Updated from 9:09 a.m. ET with early market action and additional comments from Rafferty Capital Markets analyst Richard Bove.
The Department of Justice has rejected a $3 billion settlement offer from JPMorgan, according to a Wall Street Journal report filed Tuesday night, citing an unnamed source. The bank was seeking to resolve multiple investigations by federal and state authorities into its sales of mortgage-backed securities.

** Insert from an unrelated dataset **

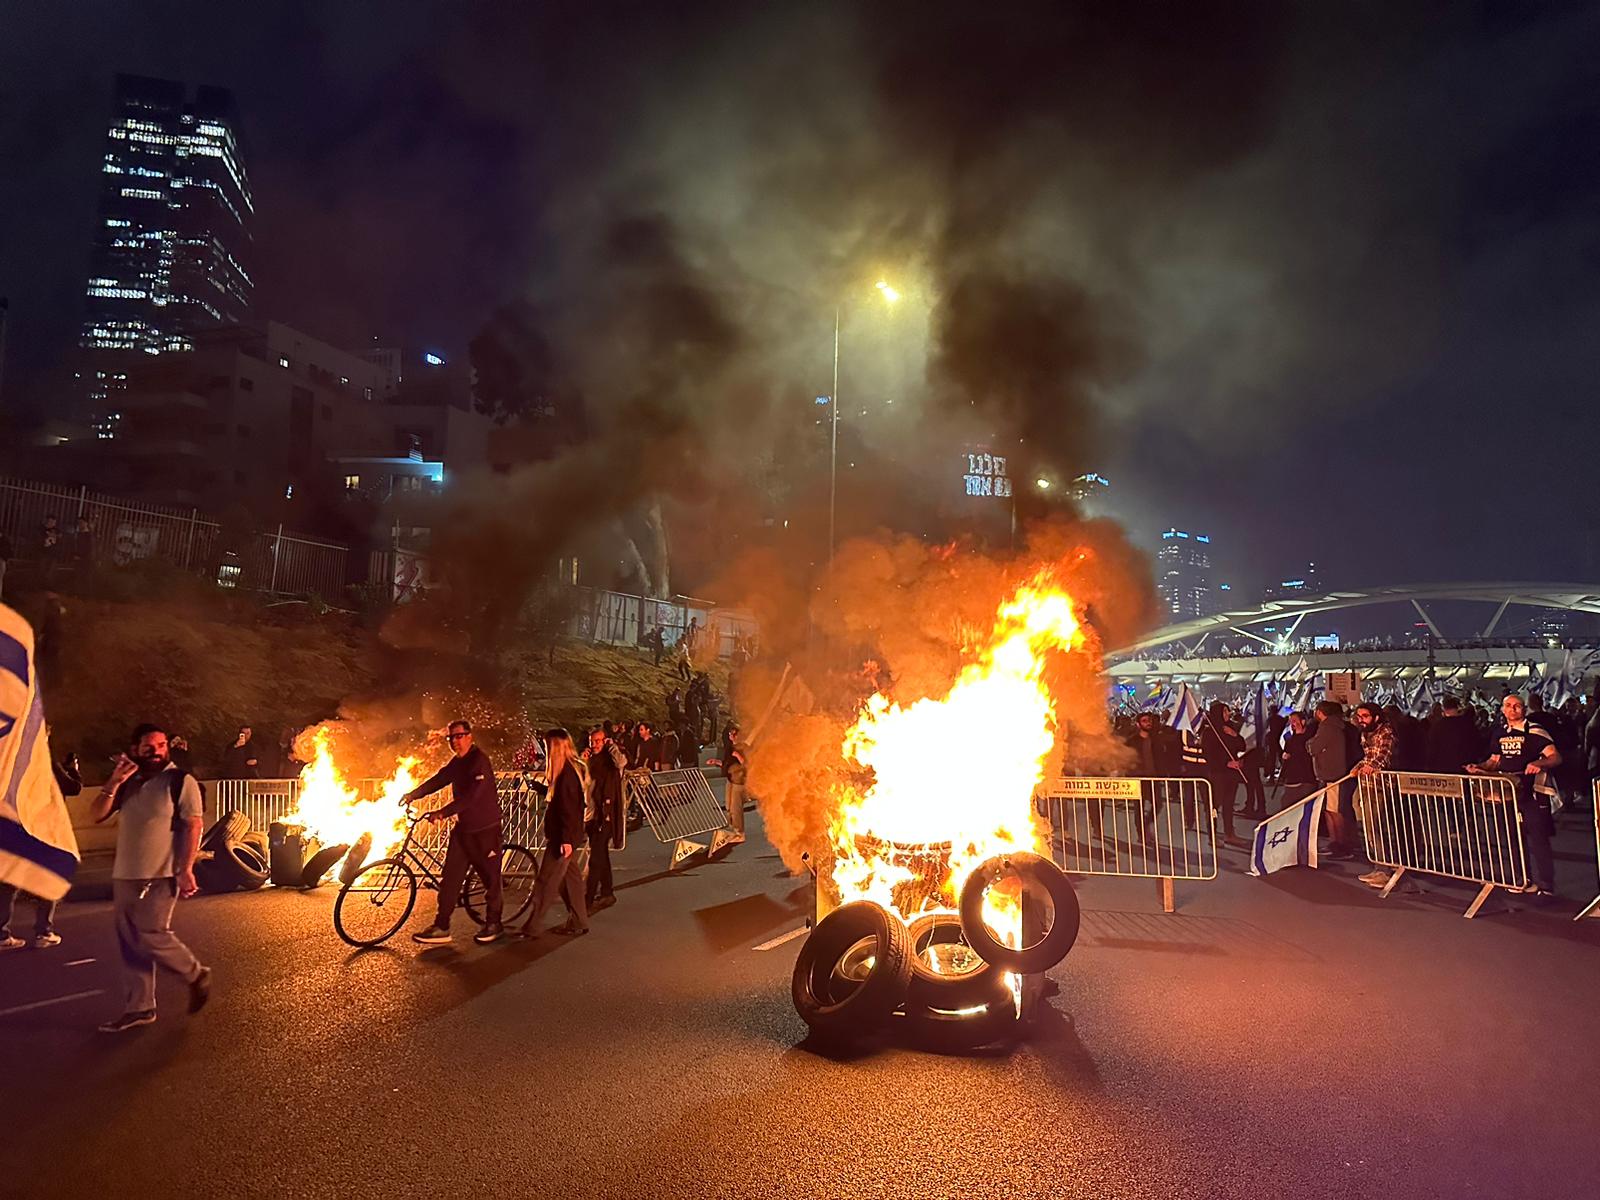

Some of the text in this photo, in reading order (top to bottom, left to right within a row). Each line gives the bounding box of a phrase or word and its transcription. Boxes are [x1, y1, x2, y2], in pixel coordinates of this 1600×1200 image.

The Justice Department rejected the offer as "too low for the number of cases involved," according to the report, however, "the discussions have widened to include other investigations of J.P. Morgan, and the final tally could be larger," according to the Journal's source.Considering the continuing flow of investigations and leaks, it seems clear that JPMorgan Chase needs to bite the bullet and enter into a global settlement to clean the slate with regulators, the Justice Department and state attorneys general looking to get in on the action. The highest proposed settlement figure that has been thrown out there so far is $20 billion, which, according to a New York Times DealBook report on Monday was "discussed at the bank," according to unnamed sources, although "it is not clear who proposed that number." According to DealBook, "the Justice Department and the Department of Housing and Urban Development have discussed the possibility of striking a wide-ranging settlement to conclude many of the looming mortgage investigations from federal authorities and state attorneys general." Investors' reaction last Thursday was muted, after JPMorgan entered into a $920 million settlement with four regulators over the "London Whale" hedge trading debacle. Later on Thursday, the Consumer Financial Protection Bureau said JPMorgan had already refunded $309 million to 2.1 customers, with the Office of the Comptroller of the Currency also assessing a $60 million fine, spring from the two regulators' combined investigation of its " illegal credit card practices." JPMorgan's shares only pulled back 1% last Thursday, despite the day's $1.289 billion regulatory tab, possibly because that figure paled in comparison to the estimated $6.2 billion in losses from the hedge-trading problems during 2012. The $1.289 figure was also lower than the third-quarter litigation expenses CFO Marianne Lake hinted at when speaking at a conference on Sept. 9.